Engaging is Educating and Other Leftover Lessons from HIMSS

April 30, 2015
There are birthday cakes, smiley faces, and other colorful icons. Why the next development in frontline chronic care management and patient engagement looks a lot like a BuzzFeed quiz.

On top of the Elsevier booth at the 2015 Healthcare Information and Management Systems Society (HIMSS), I got a firsthand look at the next development in frontline chronic care management and patient engagement.

It looks simple and easy to use. It almost looks fun.

Pamela Duncan, Ph.D., a professor and director of transitional outcomes at Wake Forest Baptist Medical Center in Winston Salem, N.C, is talking about the challenges of capturing cognitive, functional, and environmental/social information to create individualized care plans for chronic care patients, per the requirements of the Centers for Medicare and Medicaid Services (CMS). “That is a big order for frontline healthcare. They don’t have the resources,” Duncan told me at HIMSS.

For its part, Wake Forest has formulated the Duncan Functional Assessment, which lines up with the CMS Well Patient Visit requirements.  But even if they can get that information, Duncan continued, it doesn’t necessarily mean the patient will get the right care plan implemented.

That’s where analytics comes into play. Across the country, healthcare organizations are capturing patient data and using analytics tools to formulate personalized plans for chronic care management patients. At Wake Forest Baptist Medical Center, they’re deploying the Tonic Health app in an attempt to do that for pre-surgical screening and stroke assessments and research. More than that though, they’re doing it because it can better engage patients.

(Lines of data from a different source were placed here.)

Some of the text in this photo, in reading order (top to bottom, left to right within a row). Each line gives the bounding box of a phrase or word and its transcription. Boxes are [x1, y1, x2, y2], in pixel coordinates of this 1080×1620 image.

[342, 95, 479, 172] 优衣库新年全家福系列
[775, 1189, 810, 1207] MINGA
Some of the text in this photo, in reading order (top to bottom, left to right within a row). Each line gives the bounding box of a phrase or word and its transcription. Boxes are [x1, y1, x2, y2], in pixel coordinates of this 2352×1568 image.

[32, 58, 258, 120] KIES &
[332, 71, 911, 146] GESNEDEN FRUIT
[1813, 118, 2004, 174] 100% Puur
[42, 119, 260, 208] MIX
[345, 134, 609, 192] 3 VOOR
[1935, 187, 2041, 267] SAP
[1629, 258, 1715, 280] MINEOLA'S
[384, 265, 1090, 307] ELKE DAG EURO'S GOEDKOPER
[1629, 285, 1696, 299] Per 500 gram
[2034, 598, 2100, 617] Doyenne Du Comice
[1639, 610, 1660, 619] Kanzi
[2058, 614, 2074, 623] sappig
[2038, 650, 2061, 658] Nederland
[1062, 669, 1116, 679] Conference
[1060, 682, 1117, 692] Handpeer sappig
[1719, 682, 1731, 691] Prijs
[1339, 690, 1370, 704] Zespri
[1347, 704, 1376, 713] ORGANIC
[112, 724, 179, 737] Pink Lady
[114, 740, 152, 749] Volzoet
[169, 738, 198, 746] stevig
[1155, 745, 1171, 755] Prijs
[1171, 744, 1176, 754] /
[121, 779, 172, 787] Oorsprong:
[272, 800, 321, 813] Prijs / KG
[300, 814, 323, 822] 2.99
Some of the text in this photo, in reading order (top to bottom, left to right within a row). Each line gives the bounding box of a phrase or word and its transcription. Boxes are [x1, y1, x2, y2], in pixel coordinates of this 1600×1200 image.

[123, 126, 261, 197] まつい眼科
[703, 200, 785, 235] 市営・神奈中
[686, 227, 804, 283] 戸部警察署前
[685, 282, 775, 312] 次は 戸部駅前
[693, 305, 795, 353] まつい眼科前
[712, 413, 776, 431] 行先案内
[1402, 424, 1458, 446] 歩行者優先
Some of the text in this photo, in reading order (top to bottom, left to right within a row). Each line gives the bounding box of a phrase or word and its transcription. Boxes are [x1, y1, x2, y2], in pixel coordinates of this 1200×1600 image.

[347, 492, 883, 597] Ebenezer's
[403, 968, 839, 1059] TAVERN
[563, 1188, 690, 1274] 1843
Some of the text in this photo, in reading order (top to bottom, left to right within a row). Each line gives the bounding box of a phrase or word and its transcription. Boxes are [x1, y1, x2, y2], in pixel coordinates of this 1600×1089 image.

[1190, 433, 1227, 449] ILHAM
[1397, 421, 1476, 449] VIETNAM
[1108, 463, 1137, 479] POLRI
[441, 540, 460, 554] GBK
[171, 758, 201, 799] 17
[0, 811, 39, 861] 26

“Patients are fed up with going into the healthcare system, and the nurse or the doctor is looking at their computer screen and pointing and clicking. I can engage you with these nice graphics and talk to you about this,” Duncan said.

To Duncan’s point, the Tonic platform looks like a BuzzFeed quiz for patient data intake. Sterling Lanier, the CEO of Tonic (which entered a formal business relationship with Elsevier in late 2014), is showing me birthday cakes, smiley faces, and other colorful icons.  It’s about the pairing of contextually relevant graphics with text, he told me.

I’m not sure if there was a scientific study to prove that but I will say that if patient intake were always this fun, everyone would do it. Myself included.

In reality, Duncan said that the assessment platform is using structured data sets and tailored algorithms to personalize the patient’s healthcare plan, for them and for the provider. The latter is especially important when trying to work with surgeons who are too busy to capture this kind of vital information in a pre-op visit.

“It’s getting functional assessment to real-time practice to make actionable healthcare plans,” said Duncan of the platform. She doesn’t forget about the patient engagement factor. Colorful icons aside, she noted that it allows providers to take a go slow and educate approach to patient engagement.

Getting patient engagement right will make or break population health and chronic care management efforts, especially in low-income, underserved areas. A recent study published this week by researchers at Northwestern Medicine in Chicago found that patient portals actually widened health disparities by race, education, and health literacy. Instead of engaging, they alienated patients.

Leaders at hospitals understand what’s at stake. The annual HIMSS Leadership Survey, presented at the conference, found that C-Level executives said that “improving patient satisfaction” and “improving patient care/quality of care” were their top business objectives. “We’re not going to improve the health of populations unless we can engage patients,” noted William W. Feaster, M.D., CMIO at CHOC Children’s Hospital, Orange, Calif., on a panel presenting the findings of the study.

What Tonic is providing is one element in the process. Engagement takes on many forms. On the HIMSS floor you saw this firsthand. Everyone wants to present the next silver bullet: telemedicine, remote monitoring and tracking, portals, patient-facing data capturing apps, etc. It’s a lucrative market.

More than colorful apps and fancy devices, as Duncan said, engaging is educating. Population health is taking that information and using it correctly.  “As everyone tries to go to population health management and patient-centered care, at the end of the day it’s the patient and the caregiver. We have to manage them across time,” she said.